ASSIGNMENT:
Make an exact copy of all the records that follow, apart from the pictures.

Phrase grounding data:
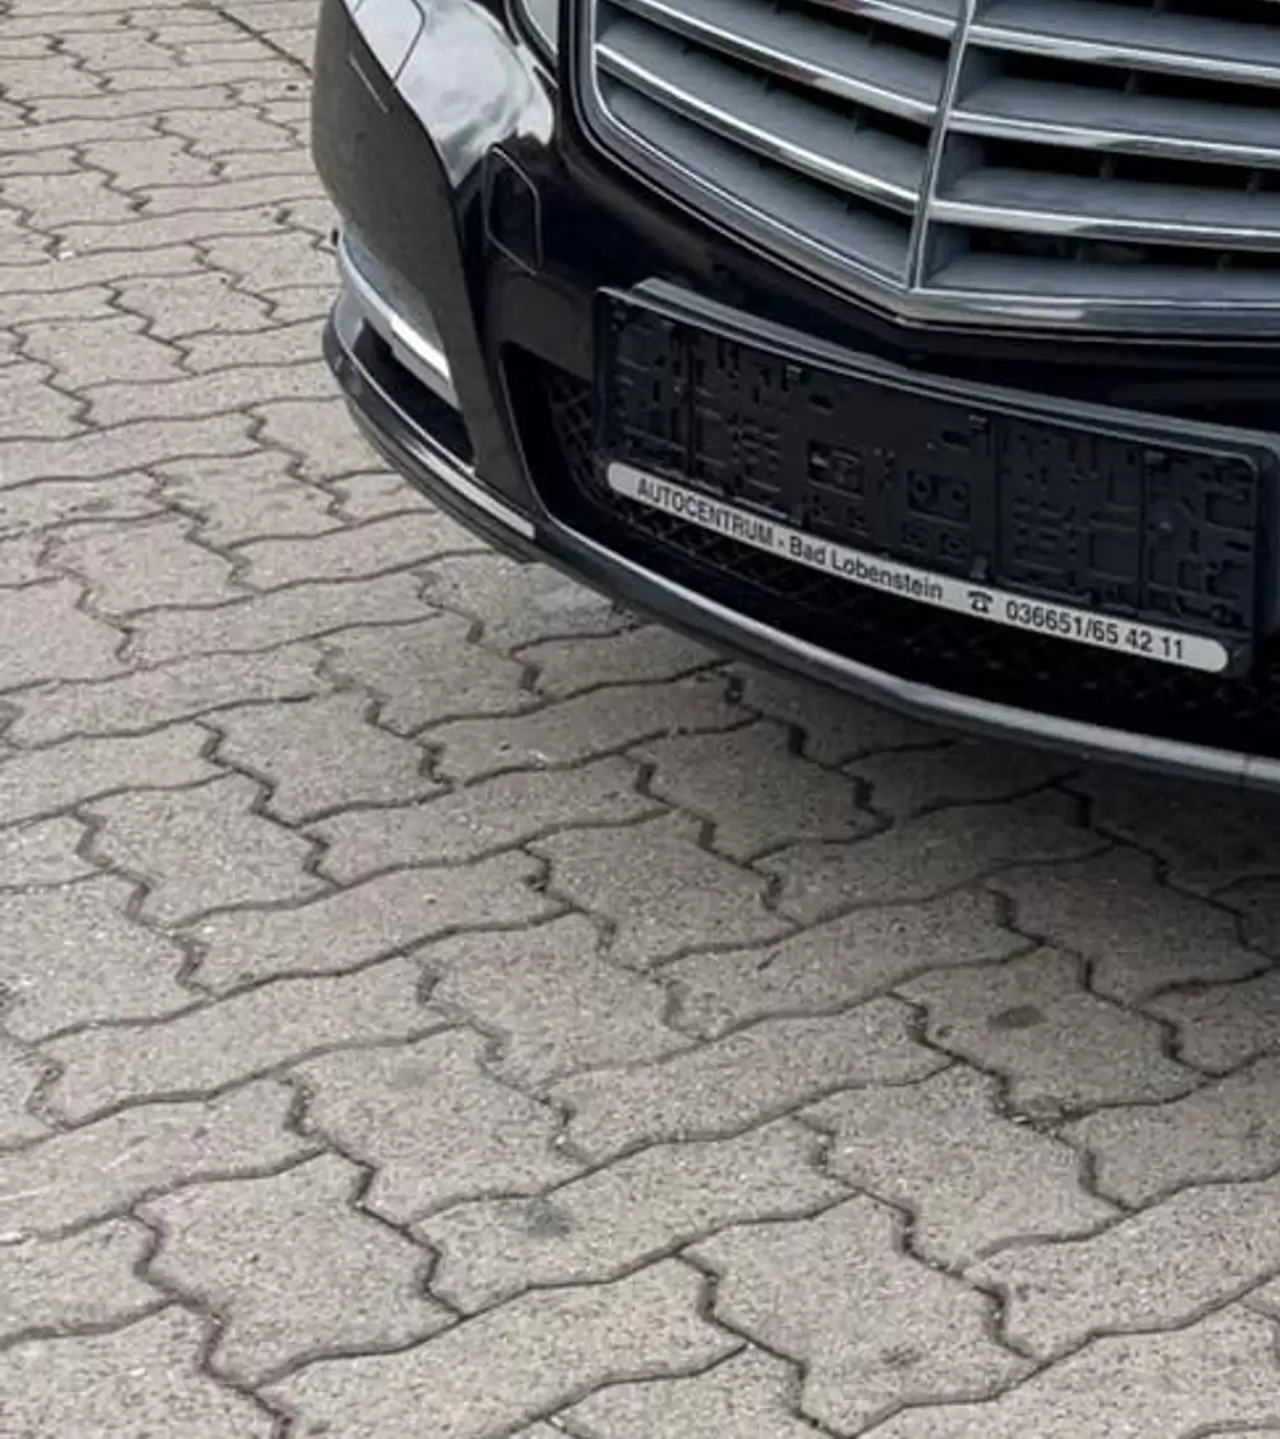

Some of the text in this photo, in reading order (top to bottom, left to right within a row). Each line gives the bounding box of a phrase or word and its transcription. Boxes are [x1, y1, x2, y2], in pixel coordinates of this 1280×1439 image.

[636, 477, 775, 547] AUTOCENTRUM
[789, 535, 828, 566] Bad
[831, 549, 944, 601] Lobenstein
[1005, 599, 1119, 645] 036651/65
[1124, 628, 1153, 653] 42
[1161, 636, 1183, 659] 11
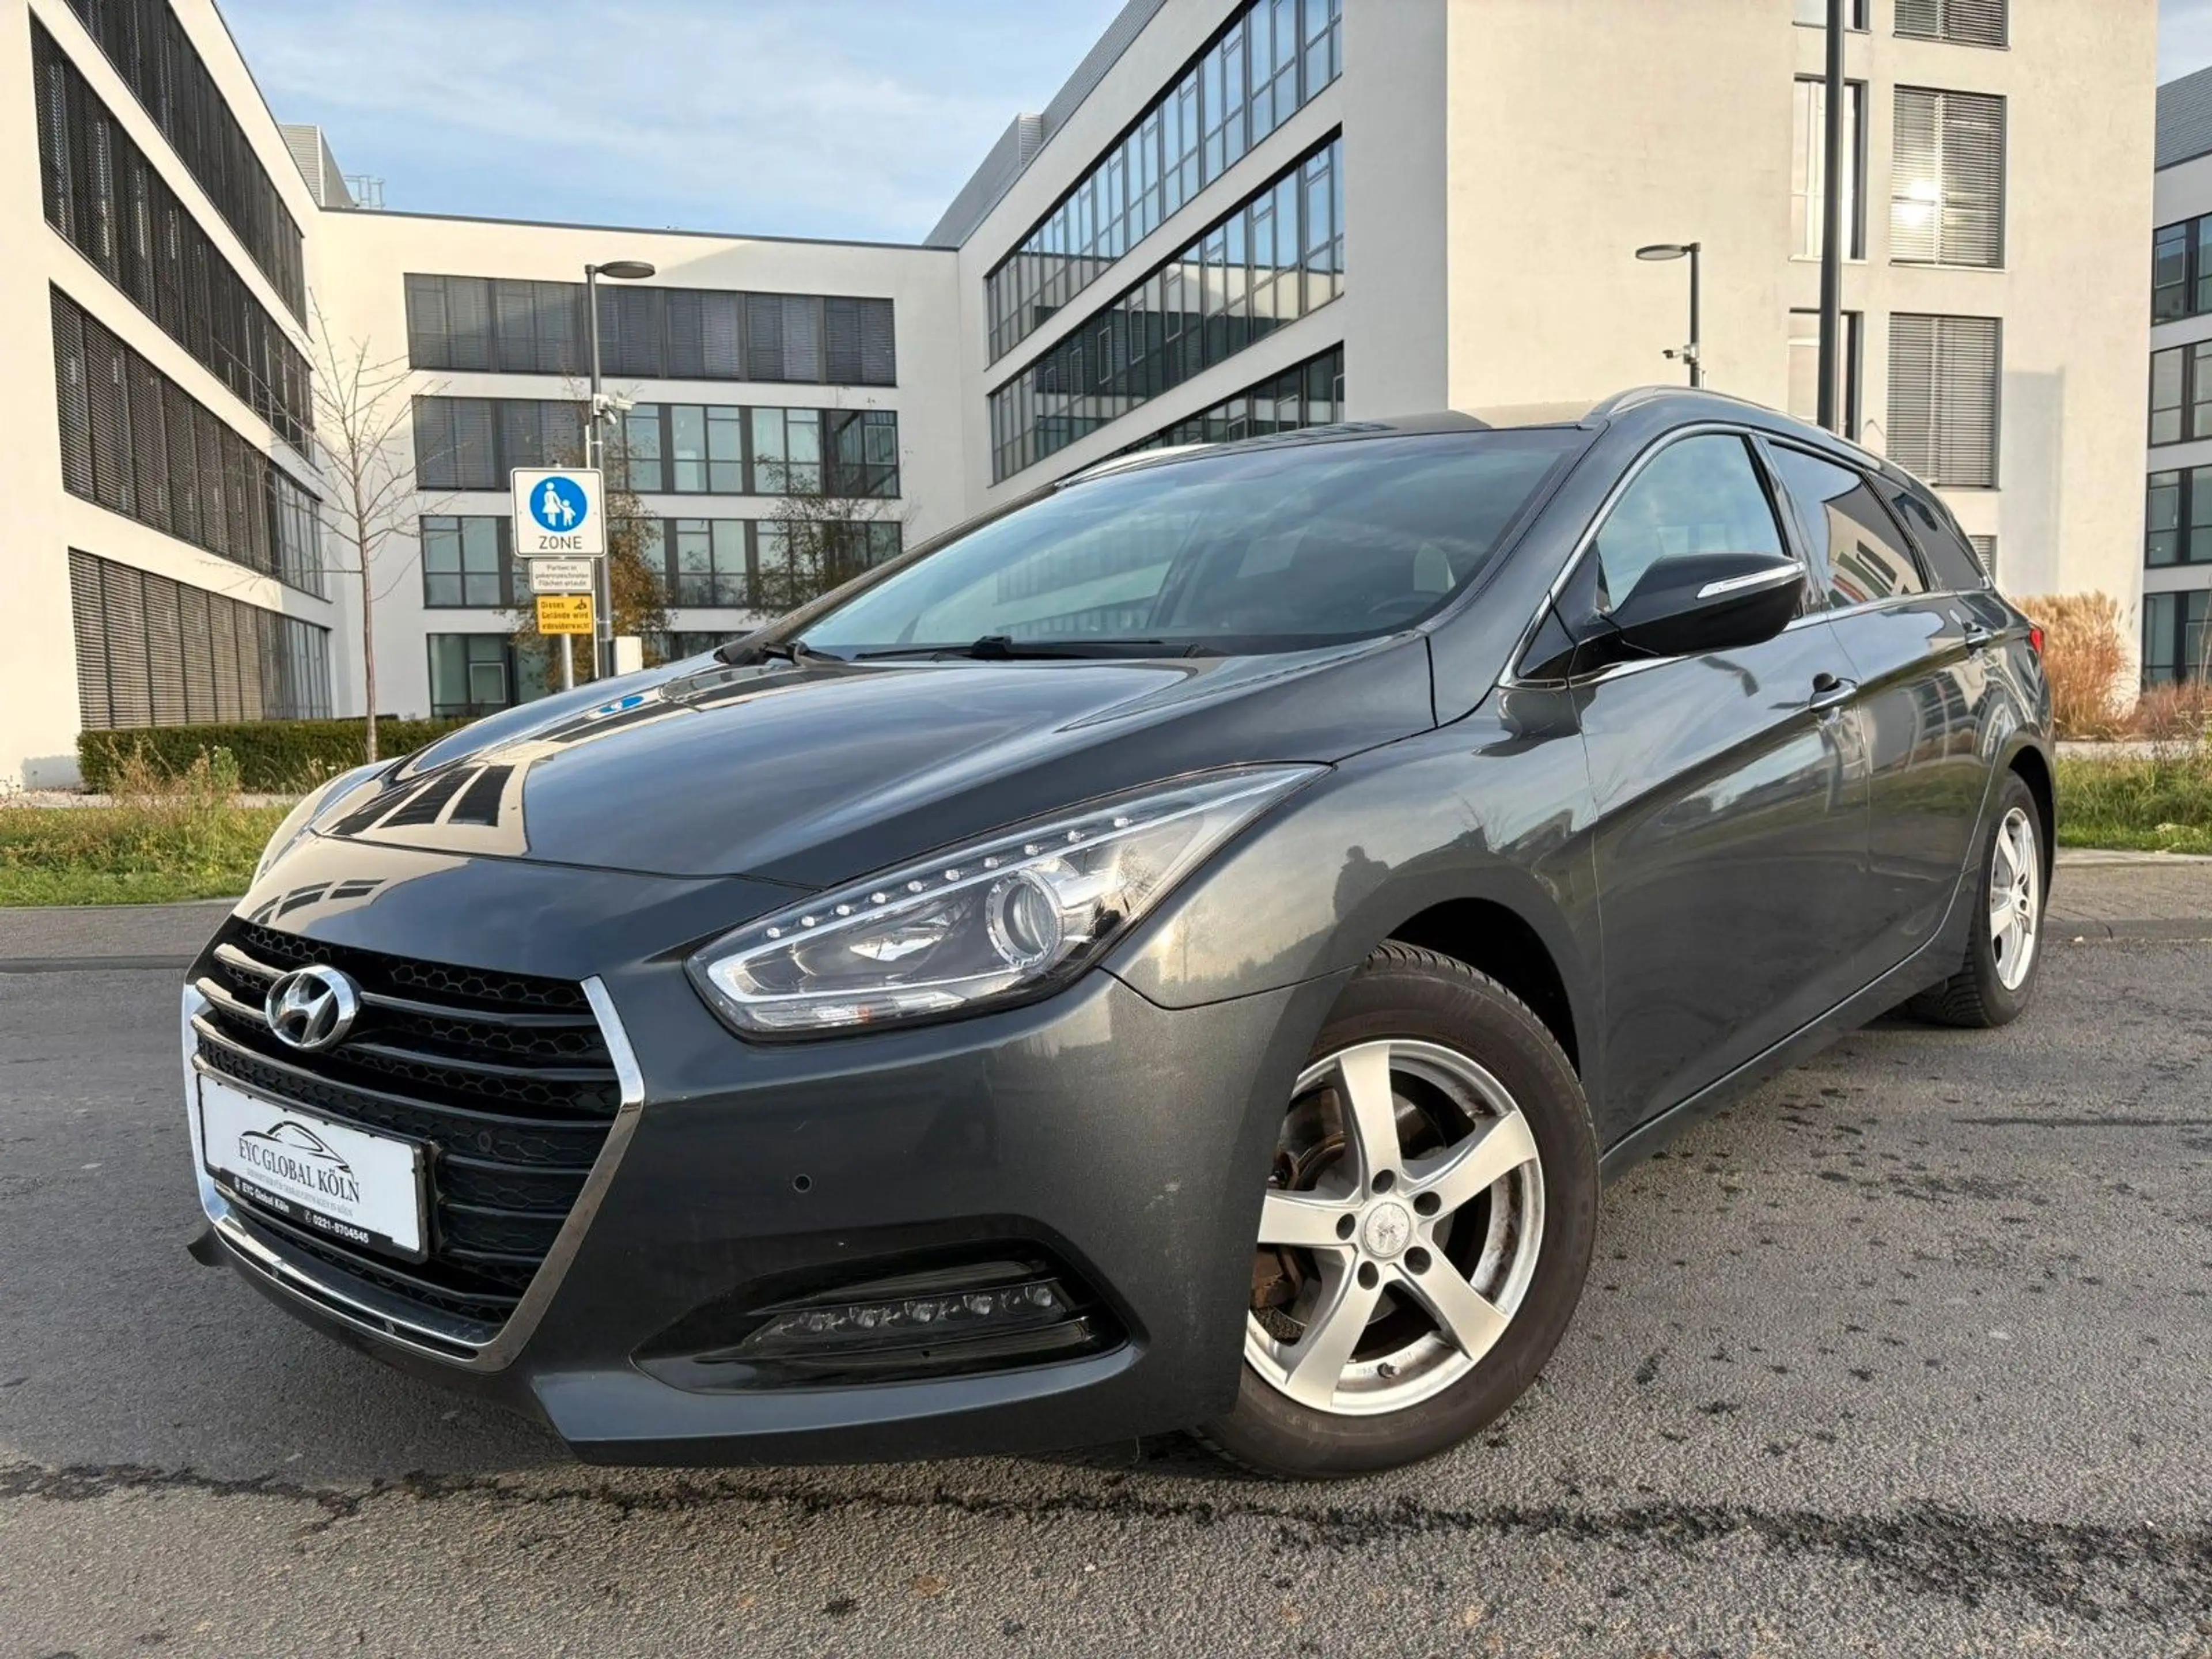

EXPECTED ANSWER:
Some of the text in this photo, in reading order (top to bottom, left to right within a row). Each line gives the bounding box of a phrase or word and its transcription. Boxes are [x1, y1, x2, y2], in pixel coordinates of this 1280×1439 image.

[636, 477, 775, 547] AUTOCENTRUM
[789, 535, 828, 566] Bad
[831, 549, 944, 601] Lobenstein
[1005, 599, 1119, 645] 036651/65
[1124, 628, 1153, 653] 42
[1161, 636, 1183, 659] 11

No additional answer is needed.